Se è vero, come è vero, che nel grande tessuto dell’imprenditoria italiana, caratterizzato da una forte componente familiare, è vivo il problema del passaggio generazionale, questo è attuale anche nel mondo della ristorazione, e non solo nelle piccole trattorie delle realtà periferiche e connettive di questo importante settore, ma anche nei vertici assoluti, quelli con una tradizione e un blasone conosciuto e ammirato all’estero.
Ha fatto tenerezza, pertanto, vedere Corrado Assenza presentarsi sul palco con il giovane 16enne e liceale Francesco e, assieme, hanno raccontato una storia, fatta Piatto, in cui, pescando dalla tradizione dei prodotti della loro terra, anzi, della loro contrada, del casolare di famiglia, hanno dato vita ad una Z’Isola di Terra (Riso mantecato alle mandorle, con vinacce, miele e finocchietto), con una ricostruzione quasi fotografica del piccolo feudo degli Assenza, ma anche offrendo una rivisitazione divertente di un prodotto “foresto”, quale un Raviolo Mantovano in stile siciliano. Una considerazione di Corrado ci ha colpito. E cioè quella che, nell’usare un certo tipo di Grano autoctono oramai in disuso in quanto poco produttivo rispetto ad altri, non vi è nemmeno la possibilità, per gli eventuali archeoagricoltori, di ottenere qualche incentivo sì da recuperare questi ceppi di tradizione e tuttavia a rischio di evidente estinzione.
…. E poi si parla di valorizzazione del Made in Italy...
Che la Familia Alajmo non fosse soltanto un indovinato logo tristellare lo si sapeva, ma ancora una volta, sul palco, Massimiliano & Co. hanno destato emozioni, come avviene abitualmente alla loro tavola.
In primis Mamma Rita, che, nel suo composto silenzio di relatrice emozionata, ha raccolto una standing ovation affettuosa, e poi Massimiliano, con quel tono caldo, rassicurante, frutto di una serenità prima interiore che professionale, e da ultimo Erminio Alajmo, consumato entertainer, che ha deliziato la platea con aneddoti sconosciuti sui suoi giovani Alajmo Boys, facendo idealmente compartecipare anche Raffaele, sentinella di guardia in quel di Rubano. Divertente la doppia lettura, a distanza di ventanni, degli Gnocchi di Rape Rosse, by Mamma Rita prima e illustre pargolo poscia.

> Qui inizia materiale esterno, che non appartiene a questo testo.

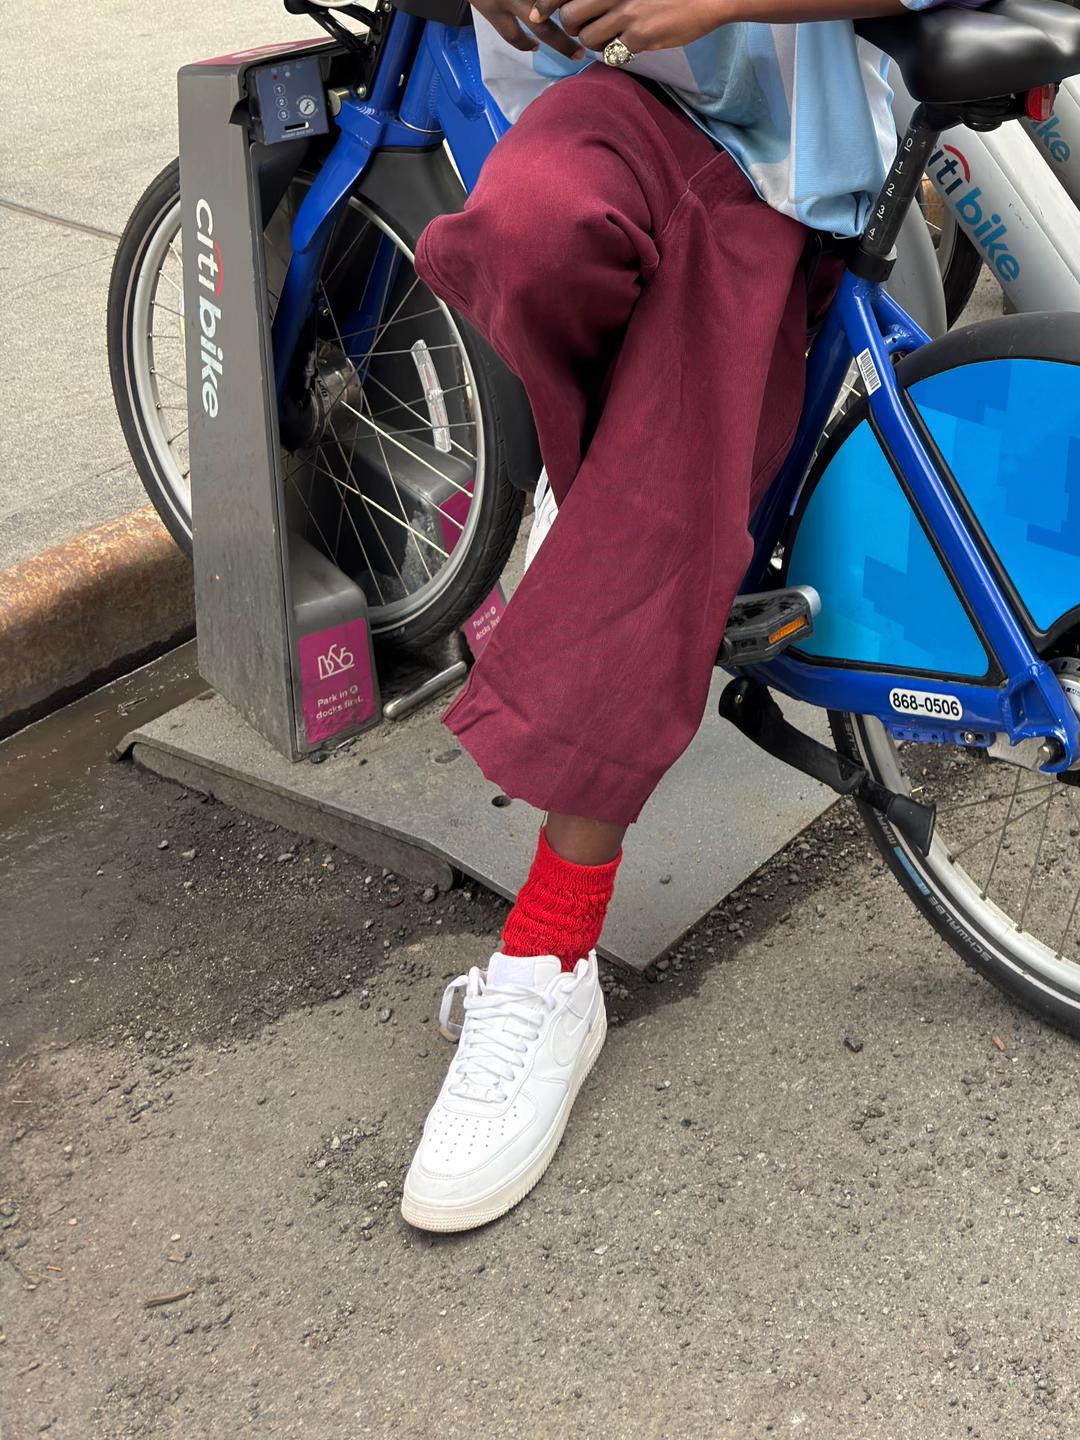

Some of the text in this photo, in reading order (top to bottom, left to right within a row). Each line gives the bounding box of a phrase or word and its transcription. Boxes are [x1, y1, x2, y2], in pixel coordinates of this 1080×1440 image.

[927, 146, 1020, 282] iti bike
[196, 198, 224, 419] citi bike
[316, 704, 343, 720] docks
[317, 689, 348, 708] Park in
[892, 691, 961, 717] 868-0506
[927, 895, 993, 961] SCHWALBE

E lo stesso feeling tra relatori e uditorio è proseguito, pur se con sfumature diverse e personali, con la Famiglia Santini, che ha pescato nei ricordi di una attività in cui le generazioni si sono alternate in maniera armonica e progressiva nel mantenere una tradizione dettata dai tempi della natura. Adesso sono 3 quelle che lavorano in Cucina e 2 in Sala. Nadia Santini ha confermato la sua grande classe, ricordando come, ad una Tavola, si cerca di soddisfare saperi e bisogni che non sono unicamente alimentari, ma anche culturali ed economici, intendendo con questo una attenzione al settore della Cucina che non è solo legato alle mode, ma che innesca e mantiene tutta una Filiera di artigiani e produttori di cui la Tavola, la Cucina, sono uno degli attori, pur se il principale, il più evidente.

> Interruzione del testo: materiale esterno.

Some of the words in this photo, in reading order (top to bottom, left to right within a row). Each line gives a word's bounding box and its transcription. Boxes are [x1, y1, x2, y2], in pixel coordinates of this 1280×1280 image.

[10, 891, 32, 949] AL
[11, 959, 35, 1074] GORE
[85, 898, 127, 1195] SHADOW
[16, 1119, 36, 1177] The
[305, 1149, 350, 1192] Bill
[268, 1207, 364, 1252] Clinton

E ci è molto piaciuto anche il Giovanni di terza generazione, perfetta sintesi della sensibilità materna – applicata anche alla Cucina - e della straordinaria capacità comunicazionale del papà Antonio, l’ indiscussa Feluca Principe della Ristorazione Italiana. Un bel quadro di famiglia, solido, compatto, consapevole di essere depositario di saperi e sapori per cui ”la piacevolezza dell’anima si trova sopratutto nelle percezioni del gusto, dove si possono dare emozioni ed autenticità, e dove la Cucina è il miglior modo per incontrare il mondo”.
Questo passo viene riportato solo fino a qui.